January 12, 20188 yr Before anything, I should note that I'm on a Ryzen build, so I've been on 6.4 rc's since the one that fixed the Ryzen issues. It was stable until...well until it wasn't, but it could just as easily have been a fluke. I was having some issues with my server that ended with me rebuilding my USB drive. I simply flashed a new, up-to-date 'next' build, and copied over everything from the config folder. Everything's working great except it just stops working every so often, just like it did when I was running 6.3 on the Ryzen build. This leads me to suspect some regression perhaps? But if I'm the only one having issues, that's probably not it. I have a screen session tailing the syslog out to a file. Some questions about this for diagnostics: Would it be preferable to have it outputting to a disk, or is outputting to a share fine? I have it writing to a share location right now, but it's just occurred to me that disks (/mnt/disk1) may be present when shares aren't (when the array goes down, but before the system locks up). Is this the case? Second, are there any other logs I should be recording, or any log levels I can adjust to make the diagnostics more useful?
January 12, 20188 yr Have you read through the post below? In essence, if C-State is disabled in the BIOS, it fixes most stability issues with Ryzen. Prior to upgrading to rc20a, my system was stable for 30 days. https://lime-technology.com/forums/topic/55150-anybody-planning-a-ryzen-build/
January 12, 20188 yr Author I have kind of a cheap motherboard, and no GPU to plug a monitor in at the moment -- does zenstates --c6-disable in the go script get the job done?
January 14, 20188 yr Author Just to update -- it appears that yes, zenstates --c6-disable in the go script before emhttp gets the job done. Anyone reading this know of any downsides to keeping this as the permanent solution? Can always remove it if/when Unraid supports C-states.
January 14, 20188 yr Author Hmm, is that not the case when it's disabled in the BIOS? Honestly, probably upgrading this machine within a year or so anyway, with this board being relegated to router/VPN duty. Next build I'll do my research -- this one was an emergency purchase to replace a dead board, and I got the cheapest everything I could. Remarkably, the brand new (at the time) Ryzen 3 was the cheapest chip+board I could find locally.

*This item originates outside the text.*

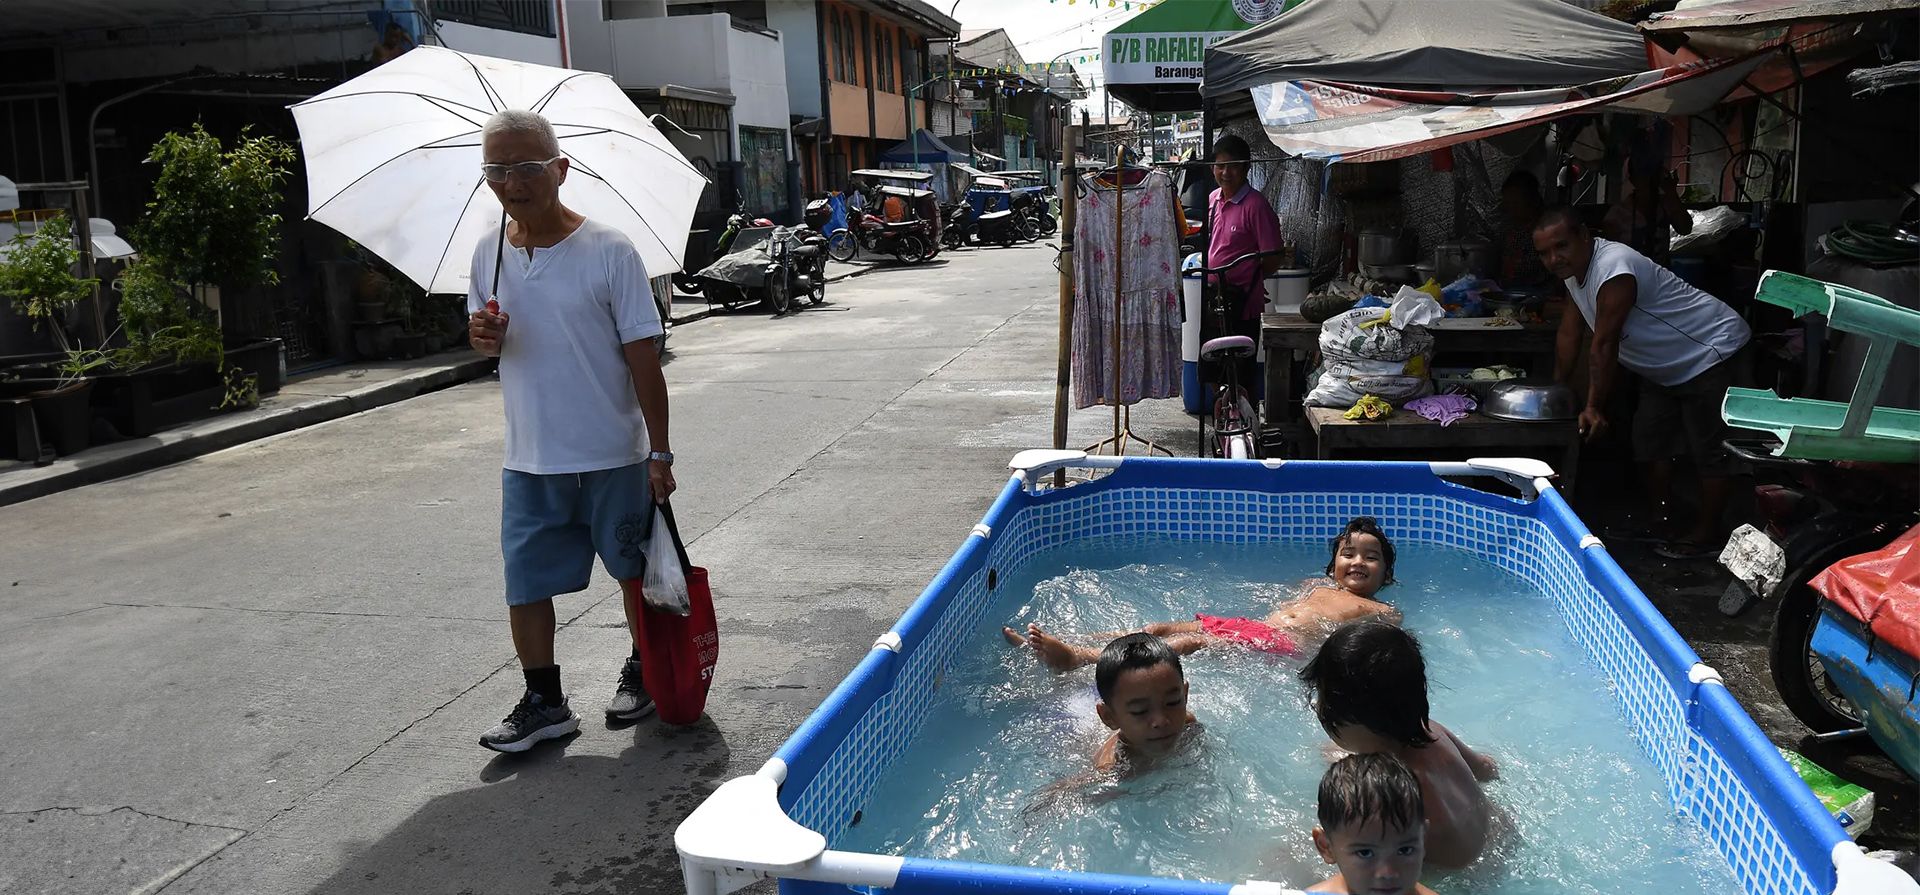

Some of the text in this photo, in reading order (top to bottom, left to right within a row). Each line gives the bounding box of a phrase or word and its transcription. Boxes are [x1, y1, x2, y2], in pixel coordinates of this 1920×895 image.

[1111, 37, 1204, 64] P/B RAFAEL
[1155, 66, 1203, 79] Baranga
[701, 665, 714, 680] ST

January 16, 20188 yr Author This fix has stopped working, and it's crashing as before, after just a couple hours of idle. Effectively, this means it runs for the inevitable parity check (because I have to hard shutdown) around 10 hours, then a couple hours, and it's gone. Things seemed to get less stable when I added a cache drive, but I think that could have been a fluke. I removed the cache drive, and it still crashed (today) This time, however, I have logs being saved! I made a quick little script that runs at array start to save logs to the USB drive. I'm at work right now, and only know it crashed because openvpn won't connect, but I'll check the log when I get home -- what should I be looking for if it's a Ryzen issue, vs another one?
January 20, 20188 yr Author She's back! I was getting really frustrated and ready to THROW money at this thing, just thinking screw it, I'll buy new hardware. I couldn't get either the built-in graphics or a PCI-E GPU to produce anything on a monitor for a while. I ended up throwing in a different GPU and *finally* it came up. Turning off C-states in the UEFI settings made things work -- stable for a day now with near-0 activity (which is when it would crash quite quickly, which makes sense given what C states do). All that to say, I don't thing the zenstates hack works reliably, and I don't suggest anyone use it as a permanent fix.